**Exercise**
Extract every entry word for word. Skip the pictures.

START Task inputs

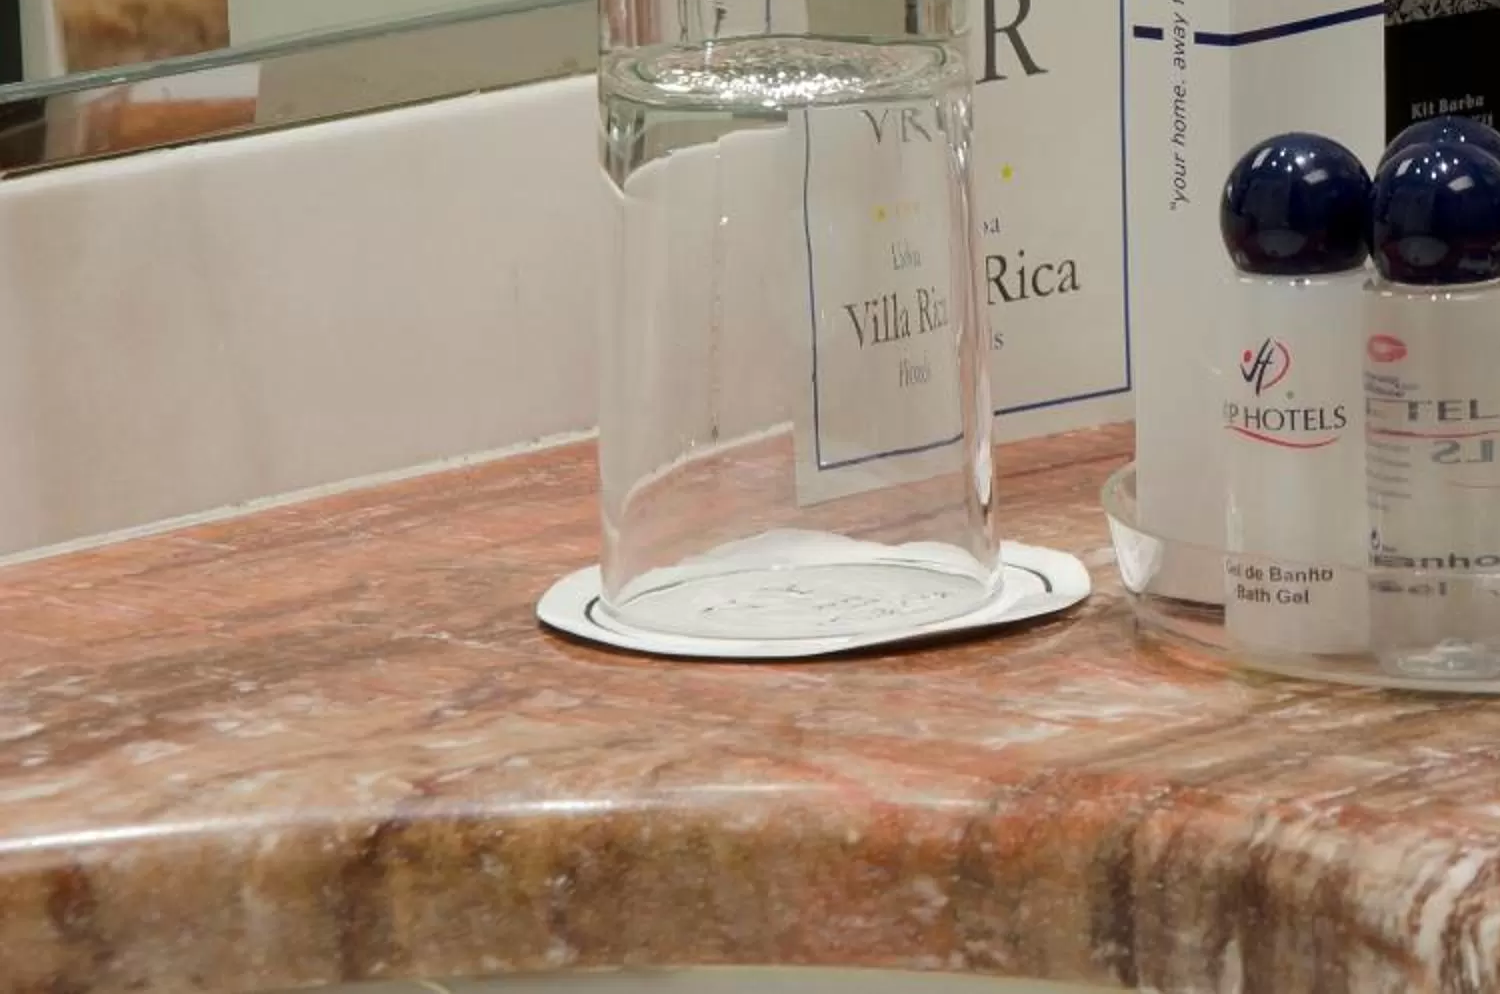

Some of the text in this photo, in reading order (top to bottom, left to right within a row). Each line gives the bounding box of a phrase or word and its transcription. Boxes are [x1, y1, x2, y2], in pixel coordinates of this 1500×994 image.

[1172, 11, 1191, 71] away
[1411, 93, 1485, 120] Kit Barba
[985, 249, 1081, 306] Rica
[843, 292, 911, 350] Villa
[1243, 404, 1348, 432] HOTELS
[1245, 565, 1264, 582] de
[1269, 565, 1334, 584] Banho
[1237, 582, 1310, 605] Bath Gel

END Task inputs

**Output of the task**
Some of the text in this photo, in reading order (top to bottom, left to right within a row). Each line gives the bounding box of a phrase or word and its transcription. Boxes are [x1, y1, x2, y2], in pixel coordinates of this 1500×994 image.

[1172, 11, 1191, 71] away
[1411, 93, 1485, 120] Kit Barba
[985, 249, 1081, 306] Rica
[843, 292, 911, 350] Villa
[1243, 404, 1348, 432] HOTELS
[1245, 565, 1264, 582] de
[1269, 565, 1334, 584] Banho
[1237, 582, 1310, 605] Bath Gel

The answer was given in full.